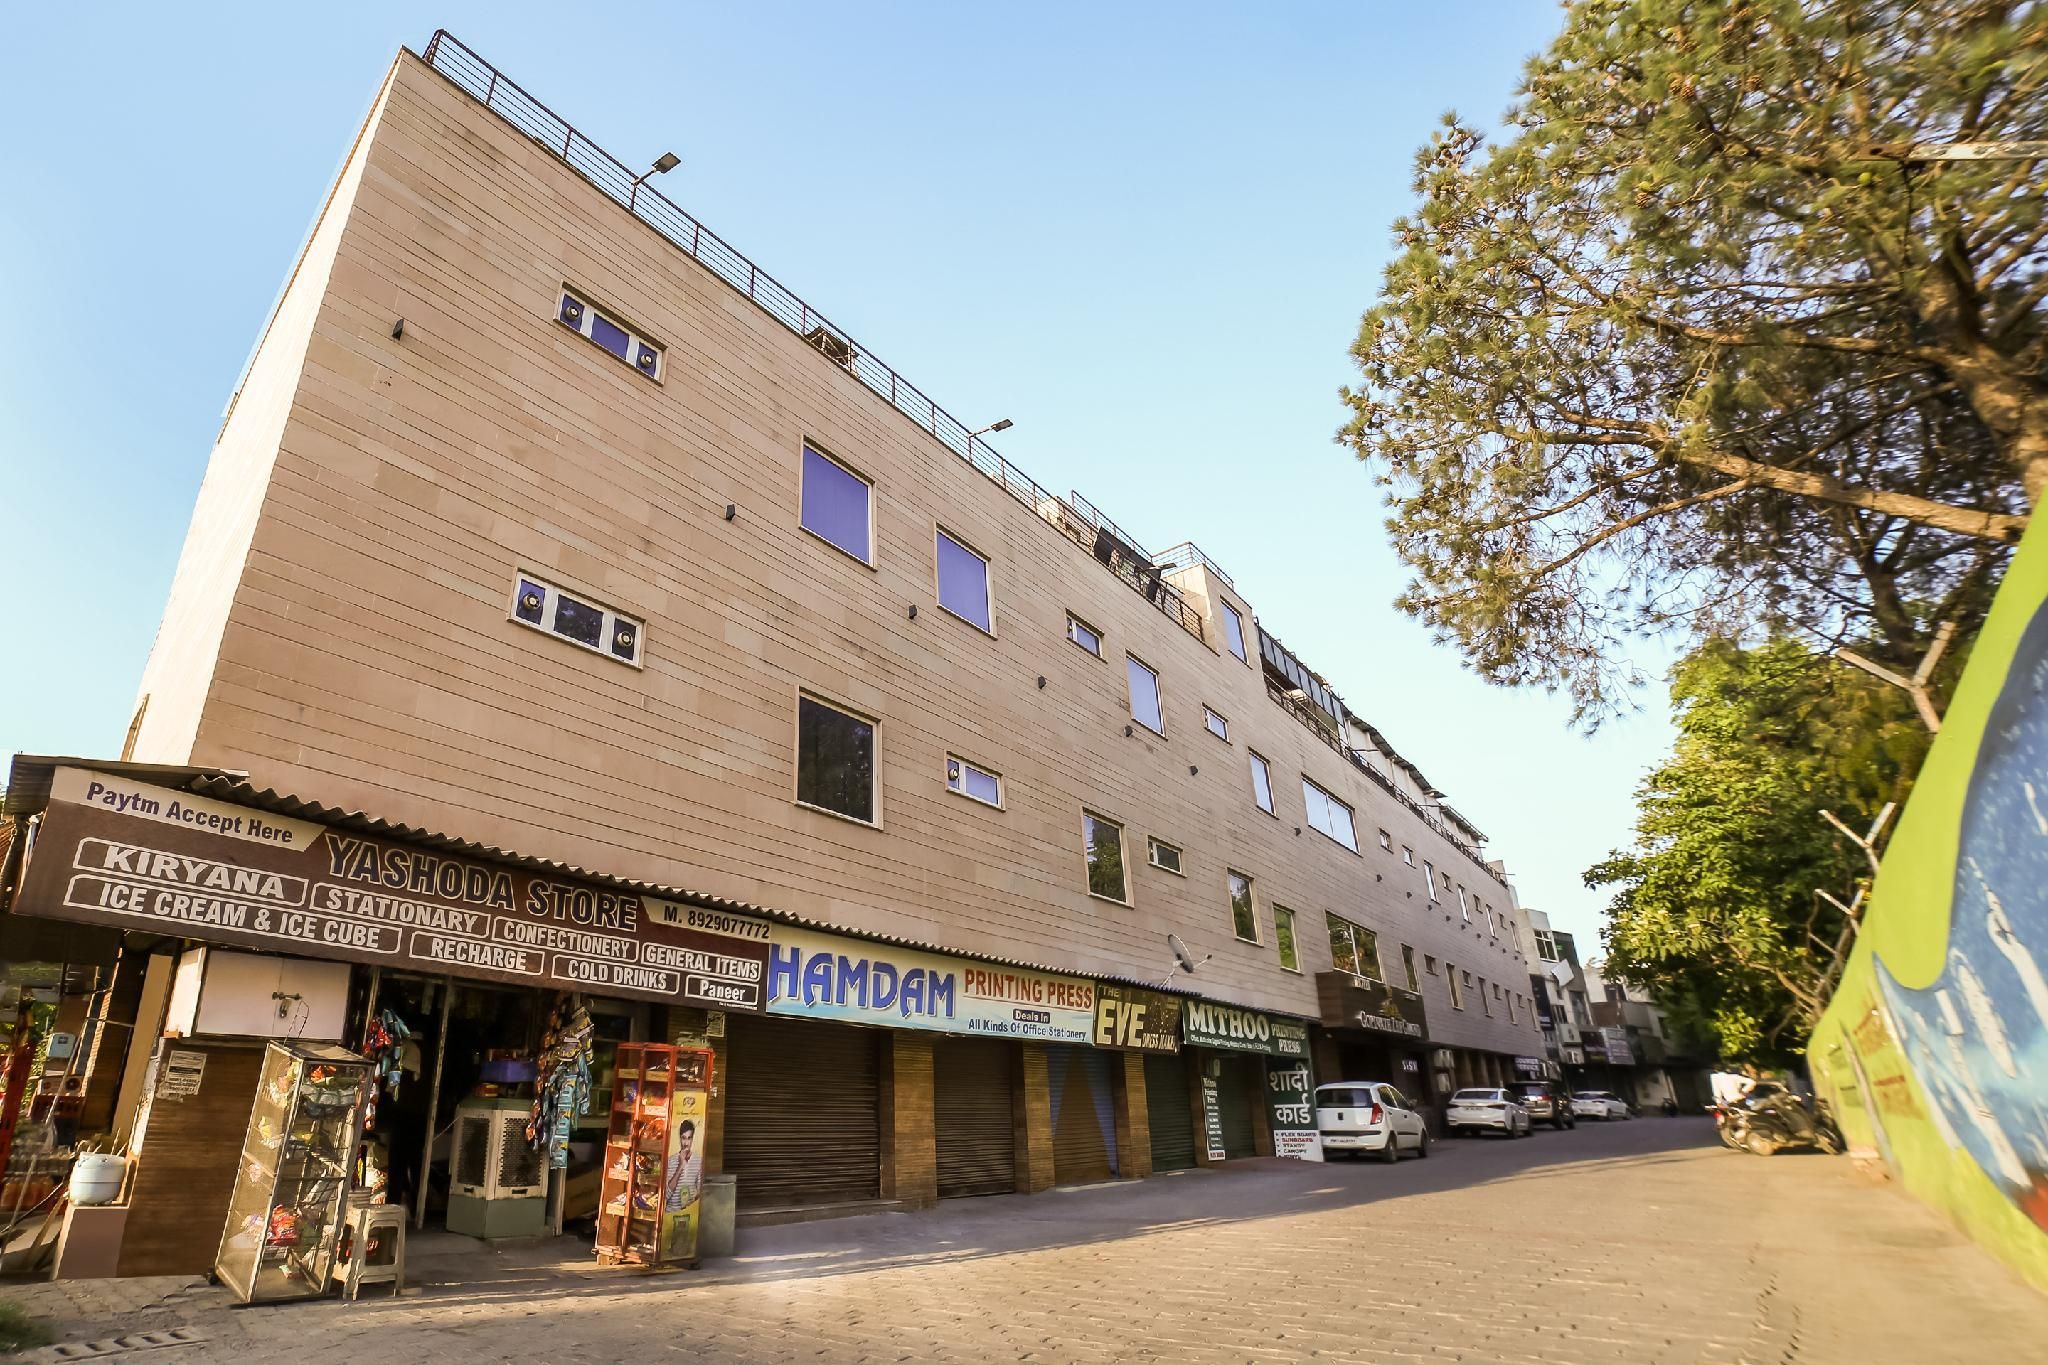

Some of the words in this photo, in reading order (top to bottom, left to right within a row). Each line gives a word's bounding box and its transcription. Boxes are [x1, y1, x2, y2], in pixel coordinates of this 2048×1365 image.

[86, 781, 160, 815] Paytm
[165, 801, 241, 834] Accept
[247, 818, 293, 843] Here
[102, 846, 284, 899] KIRYANA
[323, 833, 516, 911] YASHODA
[526, 879, 638, 933] STORE
[99, 882, 145, 912] ICE
[154, 889, 247, 928] CREAM
[254, 908, 271, 931] &
[278, 911, 319, 939] ICE
[323, 920, 381, 948] CUBE
[326, 888, 478, 933] STATIONARY
[663, 905, 682, 925] M.
[687, 910, 770, 939] 8929077772
[431, 937, 527, 971] RECHARGE
[503, 921, 631, 960] CONFECTIONERY
[567, 959, 609, 983] COLD
[612, 966, 667, 991] DRINKS
[646, 945, 713, 972] GENERAL
[715, 957, 759, 979] ITEMS
[700, 979, 746, 1001] Paneer
[767, 943, 956, 1020] HAMDAM
[964, 968, 1042, 1003] PRINTING
[1047, 982, 1092, 1009] PRESS
[1103, 986, 1120, 998] THE
[968, 1019, 980, 1030] All
[983, 1020, 1008, 1033] Kinds
[1010, 1022, 1021, 1033] Of
[1023, 1023, 1046, 1036] Office
[1049, 1025, 1086, 1041] Statonery
[1015, 1010, 1038, 1021] Deals
[1040, 1012, 1049, 1023] In
[1096, 999, 1146, 1047] EVE
[1187, 1001, 1270, 1042] MITHOO
[1279, 1039, 1301, 1053] PRESS
[1269, 1062, 1308, 1092] शादी
[1274, 1093, 1311, 1124] कार्ड
==============================
- [What to work on]:
Output the entries verbatim but drop the images.

- [Result of this exercise]:
Some of the words in this photo, in reading order (top to bottom, left to right within a row). Each line gives a word's bounding box and its transcription. Boxes are [x1, y1, x2, y2], in pixel coordinates of this 2048×1365 image.

[86, 781, 160, 815] Paytm
[165, 801, 241, 834] Accept
[247, 818, 293, 843] Here
[102, 846, 284, 899] KIRYANA
[323, 833, 516, 911] YASHODA
[526, 879, 638, 933] STORE
[99, 882, 145, 912] ICE
[154, 889, 247, 928] CREAM
[254, 908, 271, 931] &
[278, 911, 319, 939] ICE
[323, 920, 381, 948] CUBE
[326, 888, 478, 933] STATIONARY
[663, 905, 682, 925] M.
[687, 910, 770, 939] 8929077772
[431, 937, 527, 971] RECHARGE
[503, 921, 631, 960] CONFECTIONERY
[567, 959, 609, 983] COLD
[612, 966, 667, 991] DRINKS
[646, 945, 713, 972] GENERAL
[715, 957, 759, 979] ITEMS
[700, 979, 746, 1001] Paneer
[767, 943, 956, 1020] HAMDAM
[964, 968, 1042, 1003] PRINTING
[1047, 982, 1092, 1009] PRESS
[1103, 986, 1120, 998] THE
[968, 1019, 980, 1030] All
[983, 1020, 1008, 1033] Kinds
[1010, 1022, 1021, 1033] Of
[1023, 1023, 1046, 1036] Office
[1049, 1025, 1086, 1041] Statonery
[1015, 1010, 1038, 1021] Deals
[1040, 1012, 1049, 1023] In
[1096, 999, 1146, 1047] EVE
[1187, 1001, 1270, 1042] MITHOO
[1279, 1039, 1301, 1053] PRESS
[1269, 1062, 1308, 1092] शादी
[1274, 1093, 1311, 1124] कार्ड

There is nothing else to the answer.